The European pig producing and processing industry will have to concede some of its share of the world market, according to the Danish Meat Association (DMA).
In an article published today in the Agrarisch Dagblad, Knud Buhl, Trade Director of the DMA, was quoted as stating recently at the yearly congress of the livestock and meat producers cooperatives of the Deutsche Raiffeisenverband that the world market will grow significantly, but that the Europeans will hardly profit from this growth.
The EU tariff barriers will have to be reduced in any case in the near future in order to make investments in the meat sector more attractive for other countries, but this will inevitably bring more competition into the market.
Genetically modified feed
Expansion in pig producing will continue as part of the Dane’s scenario for the future. Buhl believes that Europe is disadvantaged on a cost basis in comparison to the US with regard to its lack of tolerance for genetically modified mixed feed.

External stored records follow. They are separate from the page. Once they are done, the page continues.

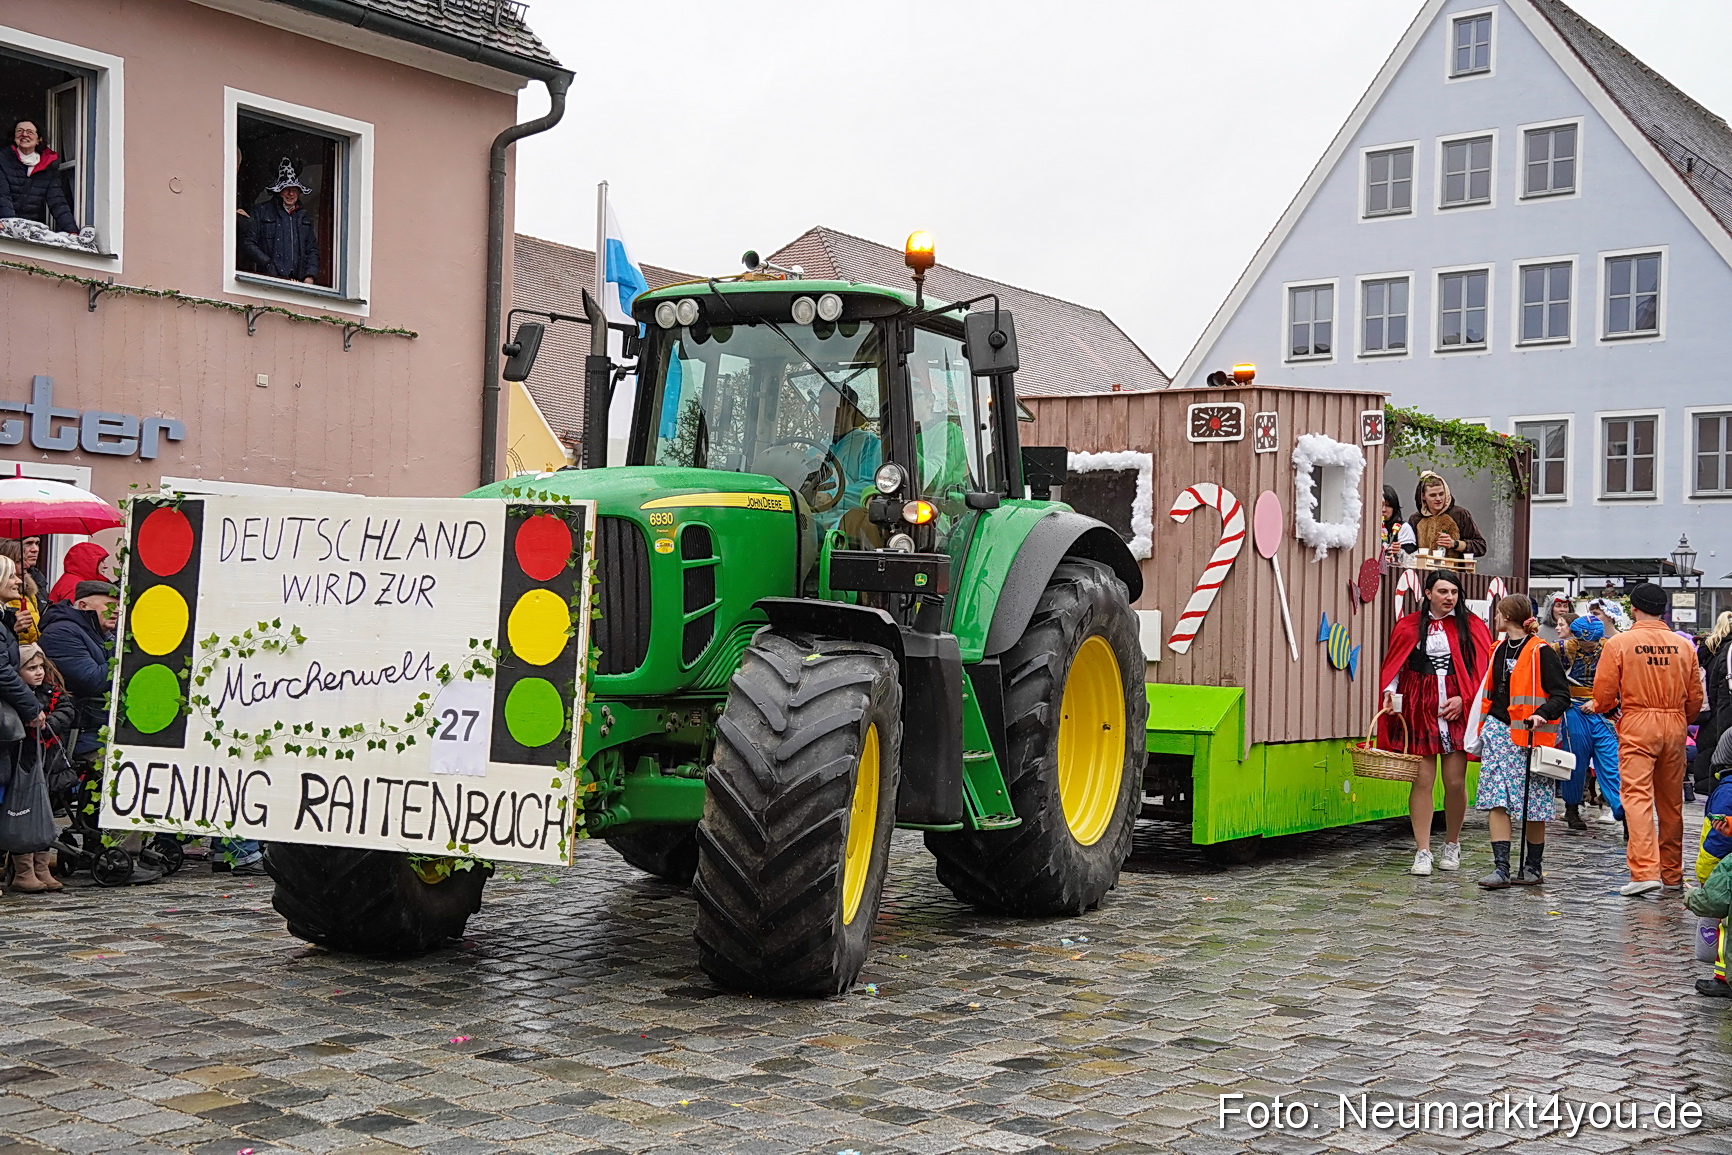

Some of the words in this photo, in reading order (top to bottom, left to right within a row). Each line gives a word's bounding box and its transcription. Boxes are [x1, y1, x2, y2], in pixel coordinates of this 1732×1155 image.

[649, 511, 674, 527] 6930
[746, 495, 763, 507] JOHN
[762, 496, 783, 509] DEERE
[220, 517, 486, 562] DEUTSCHLAND
[282, 571, 366, 605] WIRD
[374, 573, 436, 608] ZUR
[1634, 645, 1679, 655] COUNTY
[1647, 656, 1670, 666] JAIL
[215, 650, 435, 712] Märchenwelt
[439, 708, 480, 742] 27
[111, 761, 271, 827] OENING
[294, 771, 568, 851] RAITENBUCH

“Since 2002, the US has been able to increase its pigmeat exports to a current amount of 1.4million tonnes, whilst the EU’s exports have sunk to 1.3million tonnes. The trend will continue as long as the EU’s strategy against genetically modified feed continues to be upheld”.
In addition, Buhl states that the EU is also not profiting from bilateral agreements in the Asian markets, which will no doubt play an important role in the future.